The most common wheel size is in the range of 52 to 54mm diameter. Smaller wheels are slower but lighter and keep your center of gravity closer to the ground, bigger wheels are faster and heavier, and make your center of gravity feel a bit higher and tippier. You have to strike a balance, but stick close to the popular size range (give or take a few millimeters), and you will be fine.
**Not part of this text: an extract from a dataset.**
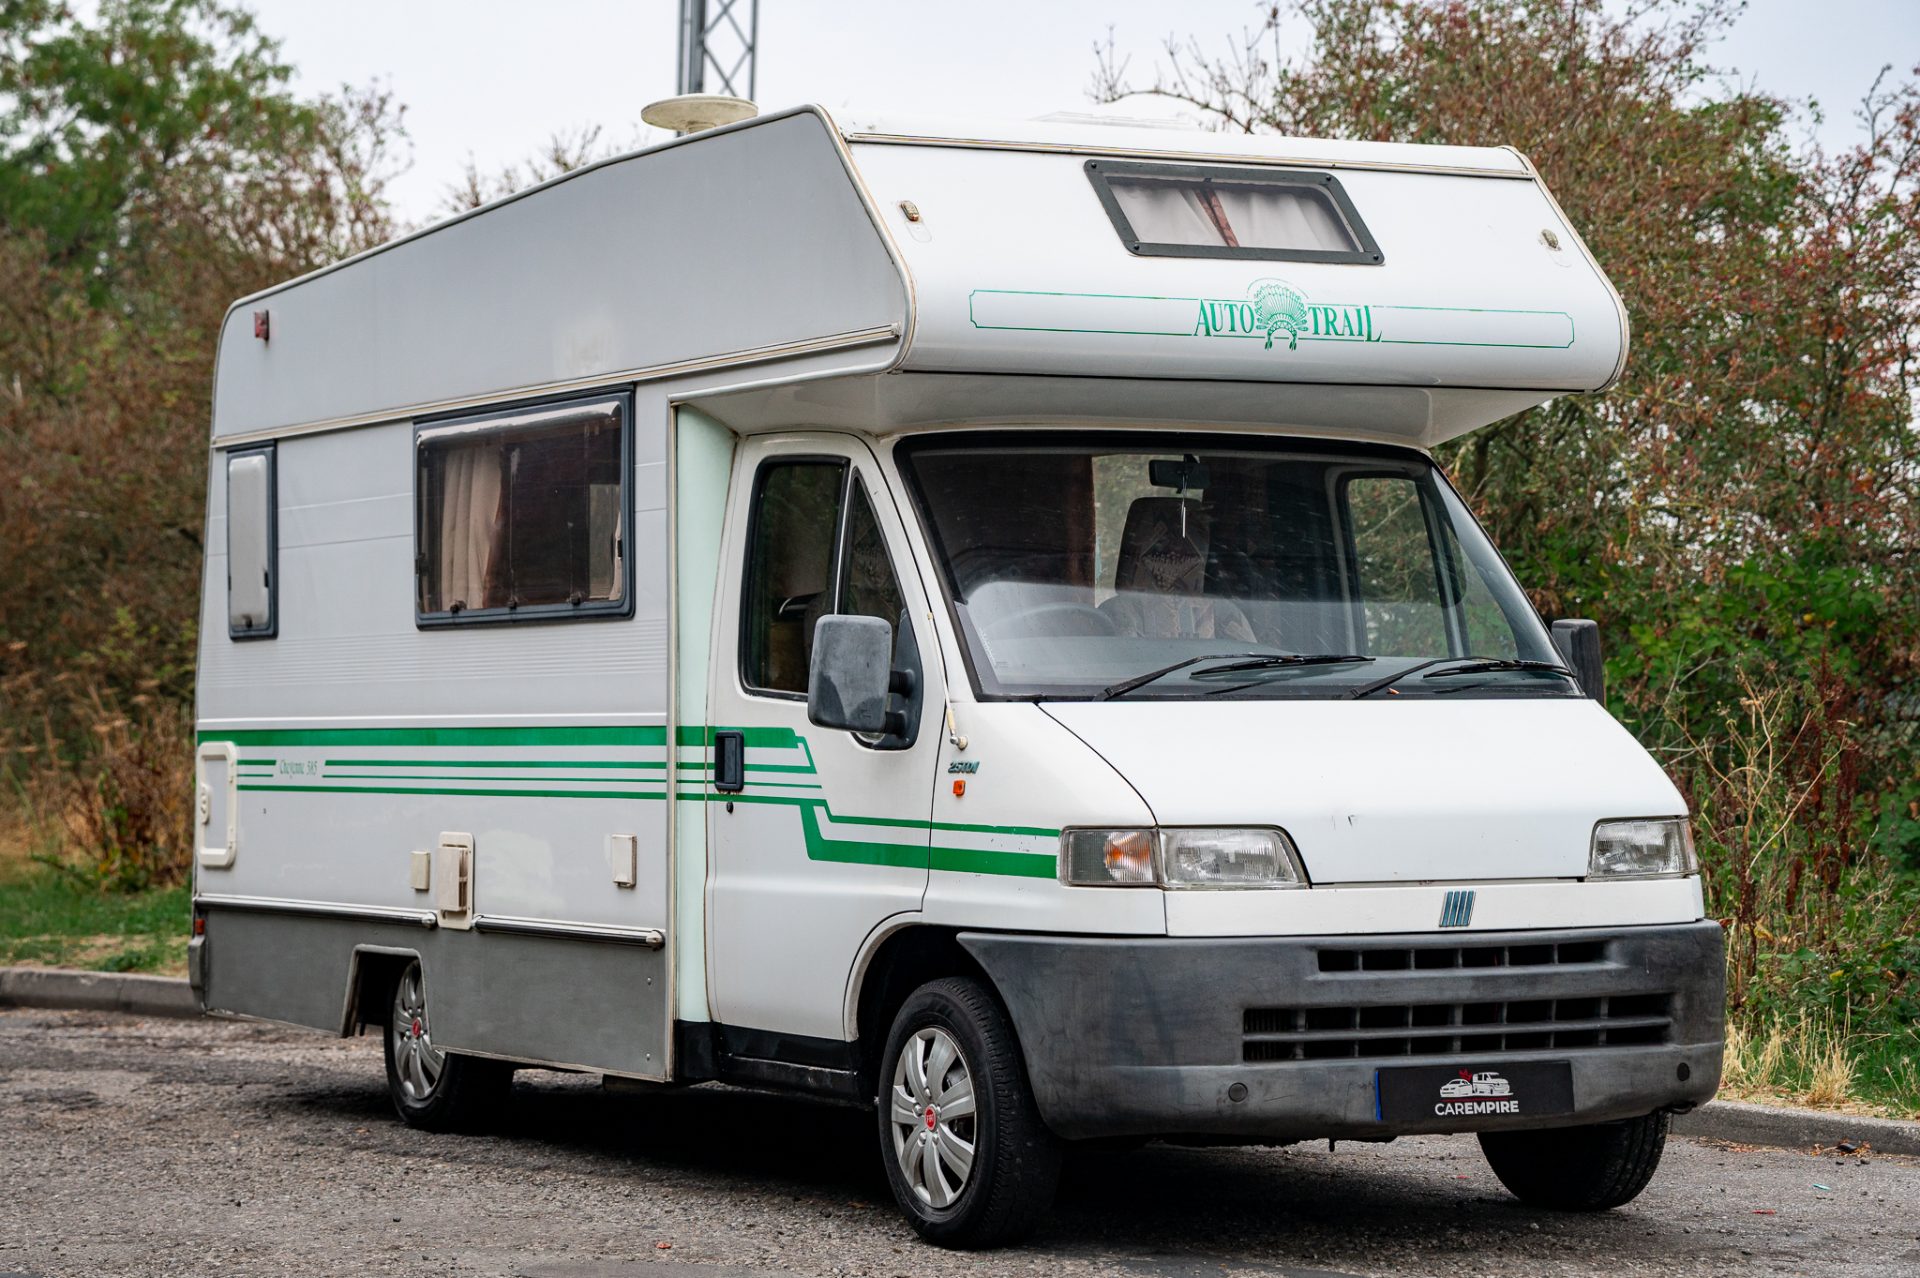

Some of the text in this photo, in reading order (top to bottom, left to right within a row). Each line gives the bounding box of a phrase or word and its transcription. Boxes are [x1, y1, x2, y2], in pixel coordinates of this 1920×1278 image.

[1193, 299, 1382, 343] AUTO TRAIL
[1435, 1100, 1519, 1116] CAREMPIRE
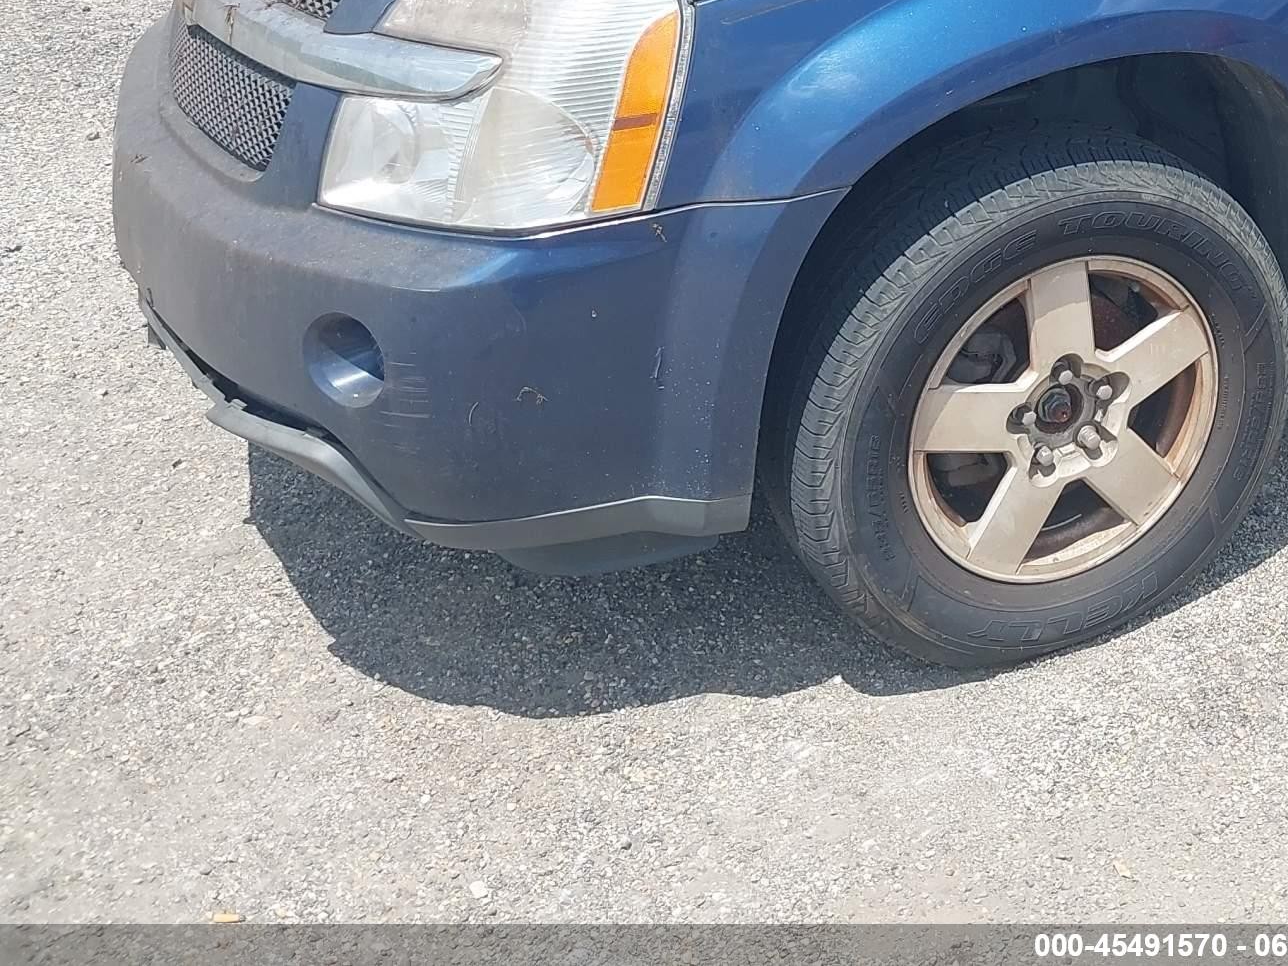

Shop here for HAMMER Wheels Hard Street And Park or Soft Cruiser or Assorted Under $39.
If you want more speed and don't mind a bit more weight and a higher center of gravity, keep in mind that the bigger your wheel, the closer it is to the deck. (So it is more likely to rub the deck on a sharp turn.) You might want to add riser pads under your trucks to increase the clearance.
up to 56mm wheels = no riser pad needed unless you want it
57 - 58mm wheels = 1/4 inch riser pad recommended
59mm to 62mm wheels = 1/2 inch riser pad recommended
(note: average length of mounting hardware is 7/8 to 1 inch, so adding a riser pad will require longer hardware. Just add the riser pad thickness to the length of hardware you choose. 1 1/4 for 1/4 inch riser, and 1 1/2 inch for 1/2 inch riser). Shop for HAMMER Mounting Hardware HERE and Riser Pads HERE.
All skate bearings will fit any wheel. You pay more for bearings machined to higher tolerances, which may spin faster and last longer. All the name brand bearings are pretty durable. Shop for HAMMER Bearings HERE.
Grip tape is needed for traction on all decks, and it all works the same way. Choose your favourite colour or design, or stick with traditional black. Shop for HAMMER Grip Tape HERE.
...Well, that's about it for the basics. Now it's time to grab a board and see what all the fuss is about!
S.T.R.E.E.T.S: Skating Totally Rules - Everything Else Totally Sucks!-- thanks for reading, Dave Buchanan.